### Given entries
---

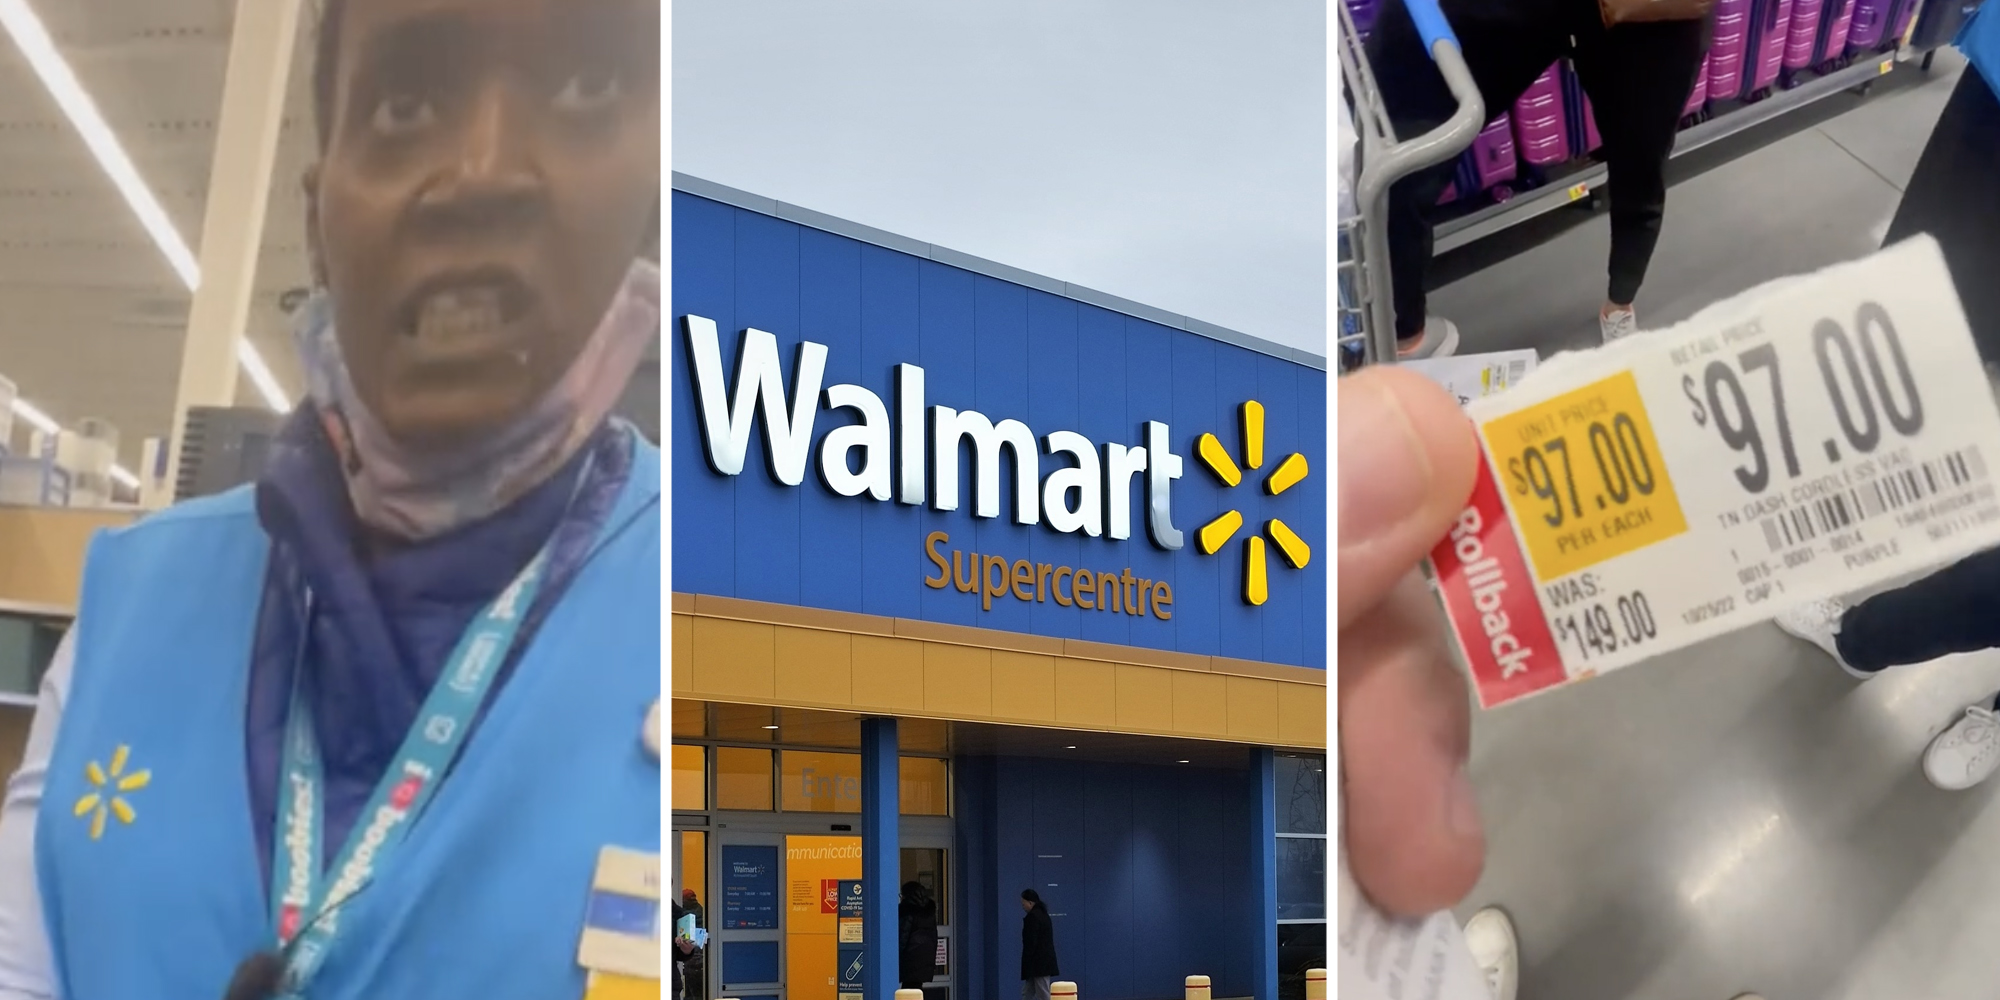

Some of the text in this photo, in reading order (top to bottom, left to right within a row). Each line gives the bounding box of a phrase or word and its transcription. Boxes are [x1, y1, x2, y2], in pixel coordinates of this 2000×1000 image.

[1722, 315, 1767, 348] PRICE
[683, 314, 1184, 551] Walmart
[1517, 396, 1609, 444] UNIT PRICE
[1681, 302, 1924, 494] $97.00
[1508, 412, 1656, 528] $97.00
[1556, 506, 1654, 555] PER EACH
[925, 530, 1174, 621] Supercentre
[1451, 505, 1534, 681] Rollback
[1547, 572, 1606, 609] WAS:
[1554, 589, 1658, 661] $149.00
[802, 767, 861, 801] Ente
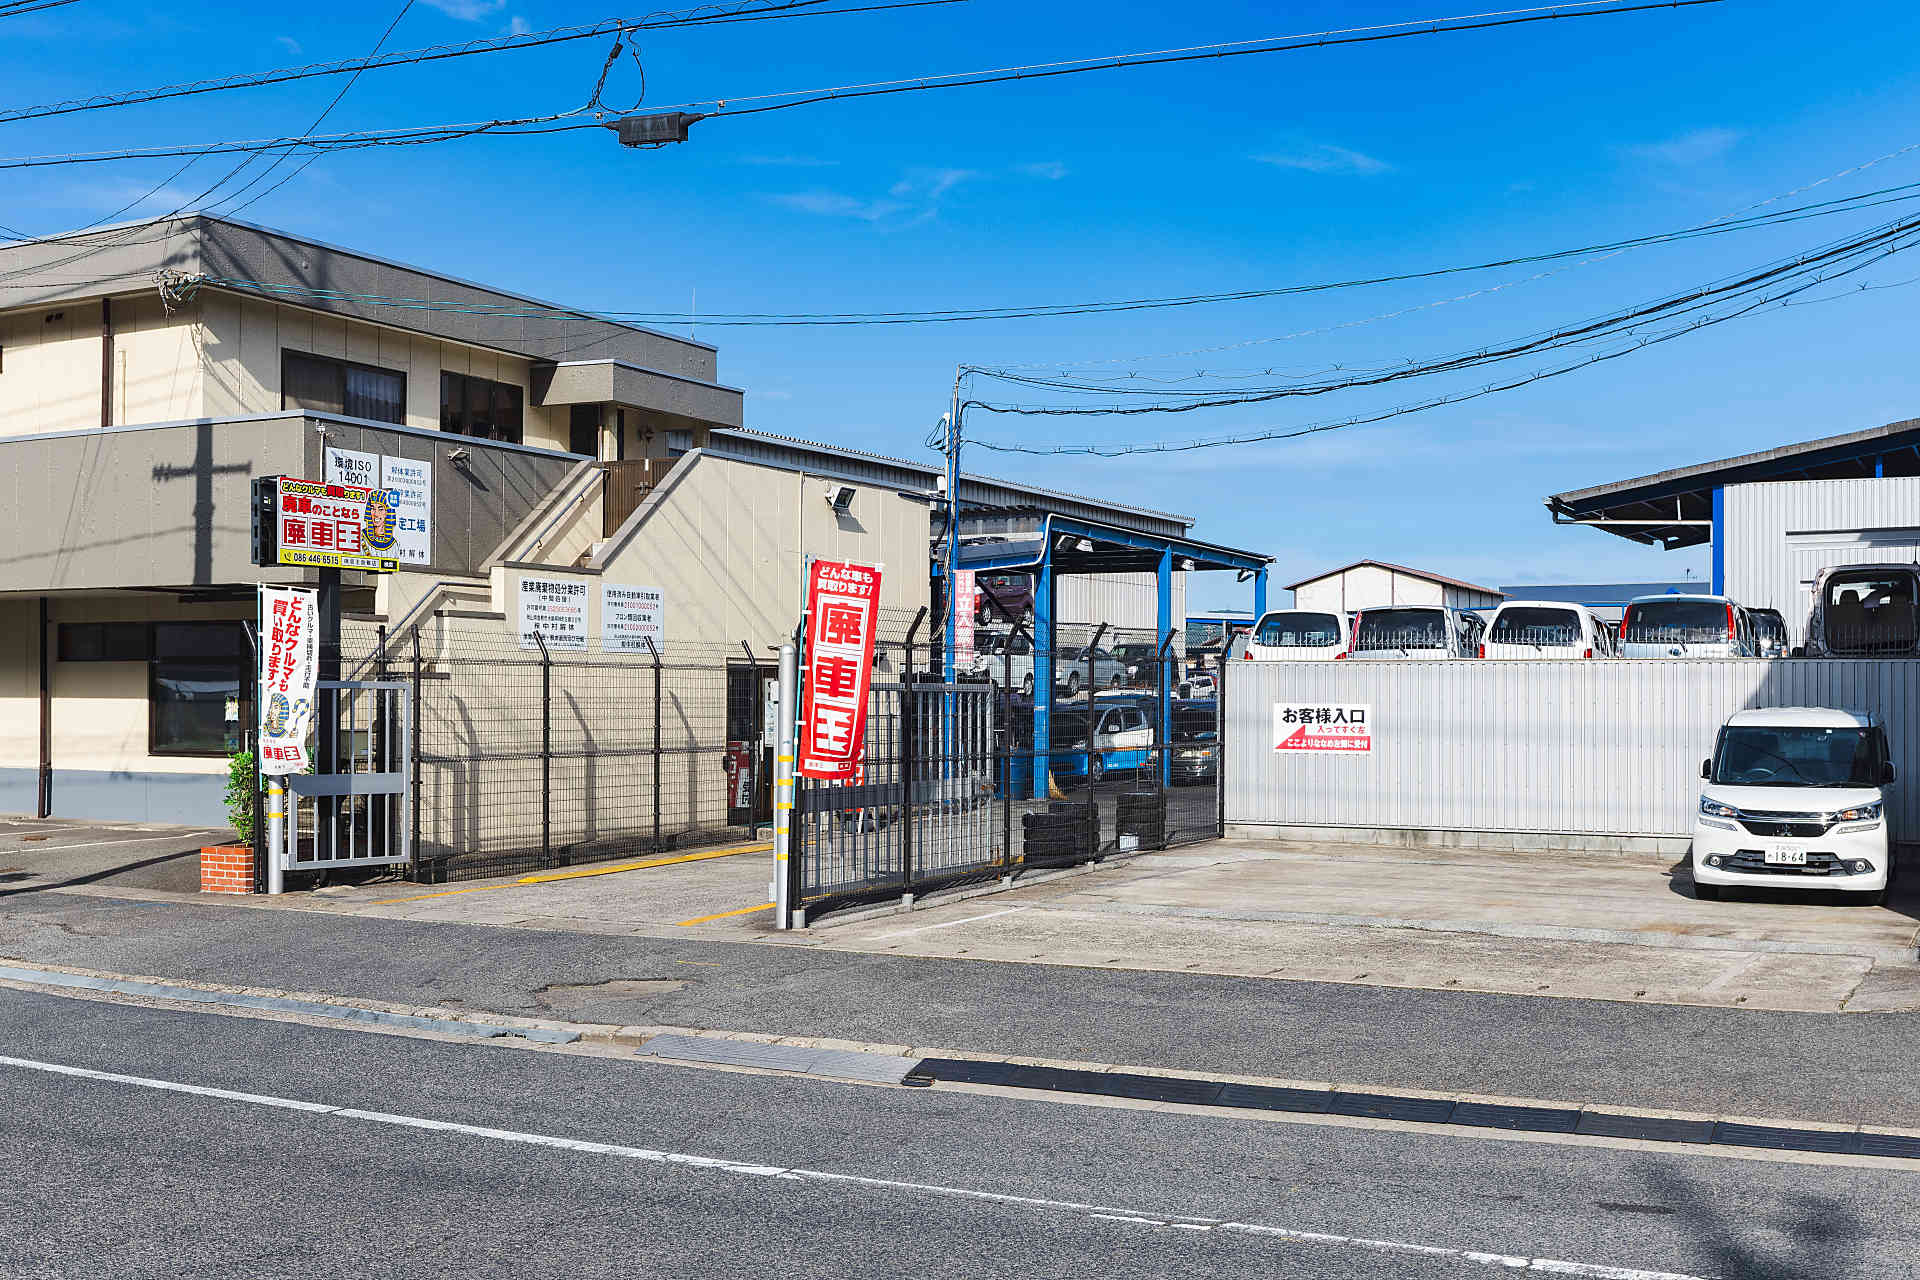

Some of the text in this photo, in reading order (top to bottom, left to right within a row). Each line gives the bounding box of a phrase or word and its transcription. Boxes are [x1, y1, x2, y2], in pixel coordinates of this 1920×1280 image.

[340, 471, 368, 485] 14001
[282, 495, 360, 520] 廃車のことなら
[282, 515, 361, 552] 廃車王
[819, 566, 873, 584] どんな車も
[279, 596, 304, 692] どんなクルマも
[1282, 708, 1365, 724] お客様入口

---

### What you have to do
Omit the pictures and reproduce the listing exactly.

### Answer below
Some of the text in this photo, in reading order (top to bottom, left to right within a row). Each line gives the bounding box of a phrase or word and its transcription. Boxes are [x1, y1, x2, y2], in pixel coordinates of this 2000×1000 image.

[1722, 315, 1767, 348] PRICE
[683, 314, 1184, 551] Walmart
[1517, 396, 1609, 444] UNIT PRICE
[1681, 302, 1924, 494] $97.00
[1508, 412, 1656, 528] $97.00
[1556, 506, 1654, 555] PER EACH
[925, 530, 1174, 621] Supercentre
[1451, 505, 1534, 681] Rollback
[1547, 572, 1606, 609] WAS:
[1554, 589, 1658, 661] $149.00
[802, 767, 861, 801] Ente

Some of the text in this photo, in reading order (top to bottom, left to right within a row). Each line gives the bounding box of a phrase or word and its transcription. Boxes are [x1, y1, x2, y2], in pixel coordinates of this 1920×1280 image.

[340, 471, 368, 485] 14001
[282, 495, 360, 520] 廃車のことなら
[282, 515, 361, 552] 廃車王
[819, 566, 873, 584] どんな車も
[279, 596, 304, 692] どんなクルマも
[1282, 708, 1365, 724] お客様入口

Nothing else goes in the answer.